As a kid I played Zaxxon and Montezuma's Revenge on my dad's old IBM-compatible PC, which I'd load software into from true floppies. At the time I didn't give much thought to the hodgepodge assortment of sleeves that kept each disk safe, but today it's fun to look back on the '80s typography, branding, and care instructions that were once commonplace.

There are 628 photos in this collection (hosted on Flickr for easy viewing), which is probably a fraction of a percentage of all the floppy sleeves that were designed and printed back in the 5 ¼ floppy's day. Unlike the much-less-floppy 3 ½ inch disks that followed them, these disks didn't have a sliding metal shield protecting their internal magnetic storage. Hence the sleeve: it protected the exposed bit from fingerprints and scratches, keeping the disk readable.

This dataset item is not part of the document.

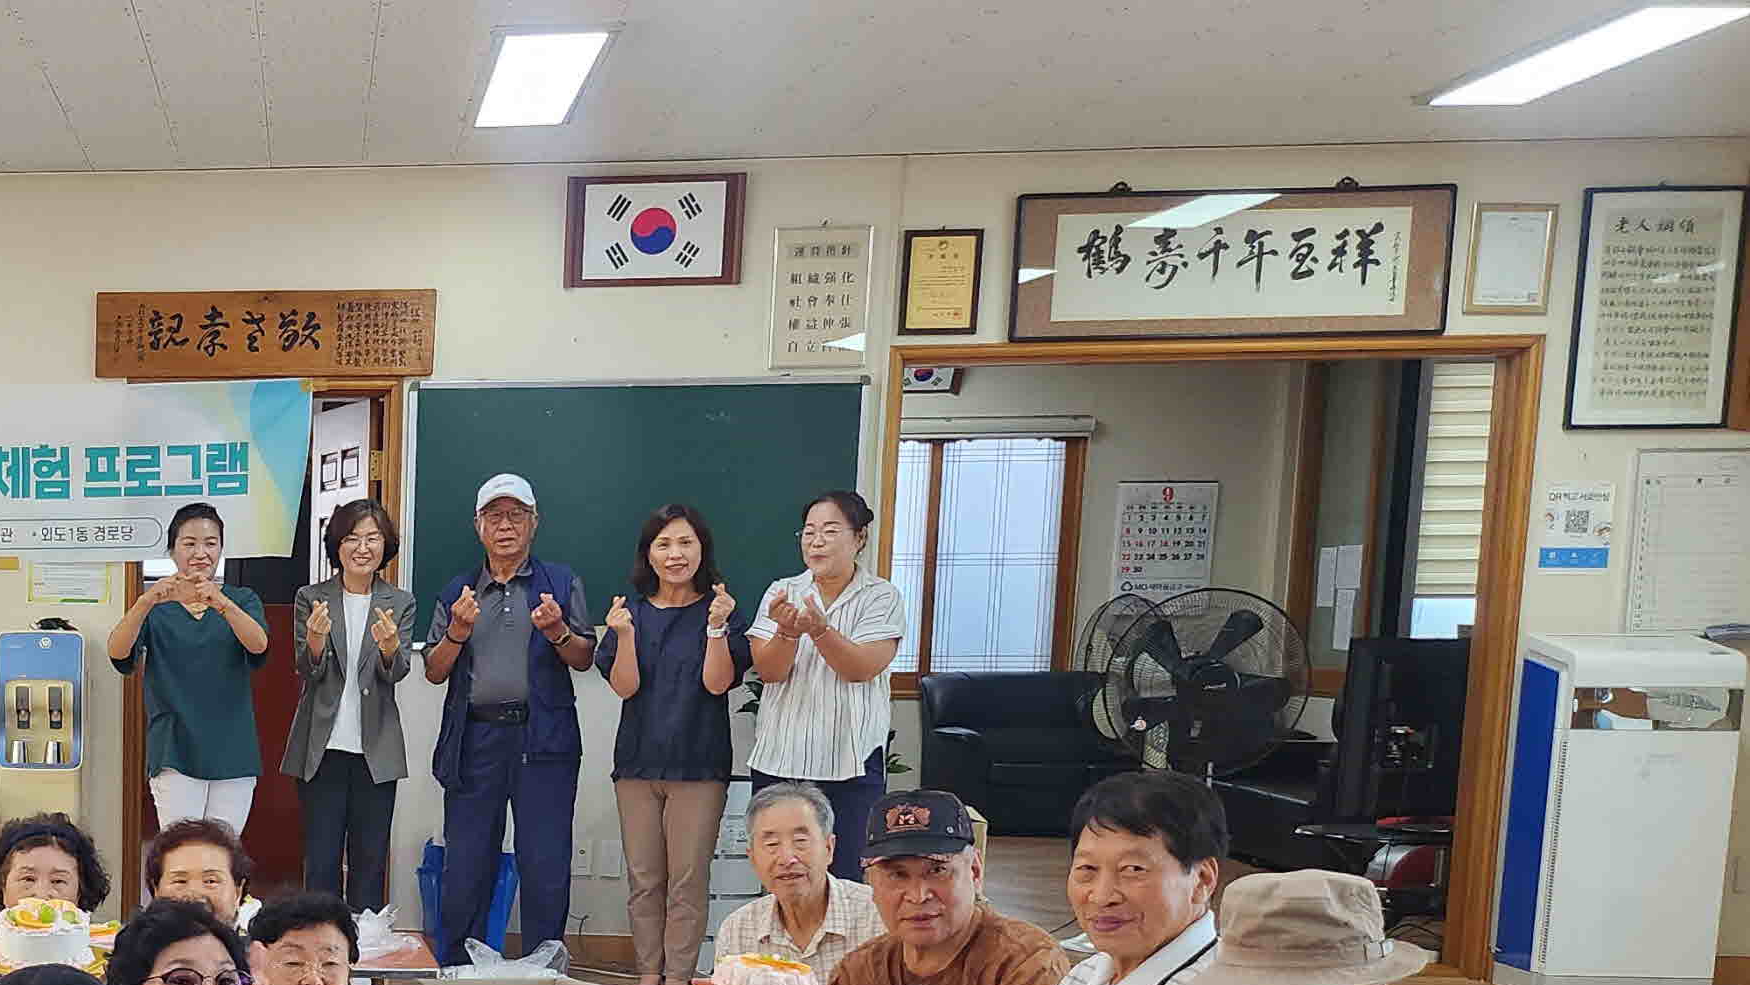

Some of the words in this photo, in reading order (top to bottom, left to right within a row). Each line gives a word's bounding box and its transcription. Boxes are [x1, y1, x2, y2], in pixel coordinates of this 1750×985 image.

They were also a chance to get stylish. The disks themselves were almost universally plain black plastic, with a sticker to identify the software, so the sleeves were the place to show off. There are some quintessentially '80s fonts on display on the sleeves Scott collected, along with long-dead brands and others that haven't been big names in PC tech since, well, the days of the 5 ¼ floppy. 

I've pulled out a few of my favorites to highlight in the gallery below, but take five minutes to flip through the rest of them over on Flickr. That's just a tiny taste of the fun stuff you can find on the Internet Archive itself. Like a collection of 7,000 MS-DOS games playable in-browser, for example.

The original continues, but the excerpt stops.